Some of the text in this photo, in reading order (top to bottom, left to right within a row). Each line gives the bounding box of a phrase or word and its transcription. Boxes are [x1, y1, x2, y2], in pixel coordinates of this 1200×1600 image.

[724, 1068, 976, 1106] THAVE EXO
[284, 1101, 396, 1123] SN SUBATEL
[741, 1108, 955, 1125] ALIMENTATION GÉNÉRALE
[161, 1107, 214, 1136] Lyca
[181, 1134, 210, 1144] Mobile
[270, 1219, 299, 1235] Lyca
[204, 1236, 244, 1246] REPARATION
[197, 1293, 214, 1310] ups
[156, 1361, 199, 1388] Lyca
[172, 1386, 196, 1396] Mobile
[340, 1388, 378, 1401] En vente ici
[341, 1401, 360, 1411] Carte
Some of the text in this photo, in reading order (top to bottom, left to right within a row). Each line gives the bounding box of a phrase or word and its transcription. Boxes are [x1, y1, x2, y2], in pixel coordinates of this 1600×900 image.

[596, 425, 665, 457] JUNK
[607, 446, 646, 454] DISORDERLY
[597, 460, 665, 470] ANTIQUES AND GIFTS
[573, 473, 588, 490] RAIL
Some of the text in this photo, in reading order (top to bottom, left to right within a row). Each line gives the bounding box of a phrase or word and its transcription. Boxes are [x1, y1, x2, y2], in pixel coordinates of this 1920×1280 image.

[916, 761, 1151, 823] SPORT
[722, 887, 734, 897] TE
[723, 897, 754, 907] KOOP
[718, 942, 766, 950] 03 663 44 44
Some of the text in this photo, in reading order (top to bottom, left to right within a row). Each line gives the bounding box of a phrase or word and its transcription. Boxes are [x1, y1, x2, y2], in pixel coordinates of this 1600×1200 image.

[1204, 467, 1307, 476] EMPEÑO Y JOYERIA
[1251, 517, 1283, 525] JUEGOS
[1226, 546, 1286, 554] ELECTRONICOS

================================

DESCRIPTION OF THE TASK: From the line holding "this 1600×1200 image." through the final line of the data above, copy every line exactly as written. Include nothing else.

EXPECTED ANSWER:
Some of the text in this photo, in reading order (top to bottom, left to right within a row). Each line gives the bounding box of a phrase or word and its transcription. Boxes are [x1, y1, x2, y2], in pixel coordinates of this 1600×1200 image.

[1204, 467, 1307, 476] EMPEÑO Y JOYERIA
[1251, 517, 1283, 525] JUEGOS
[1226, 546, 1286, 554] ELECTRONICOS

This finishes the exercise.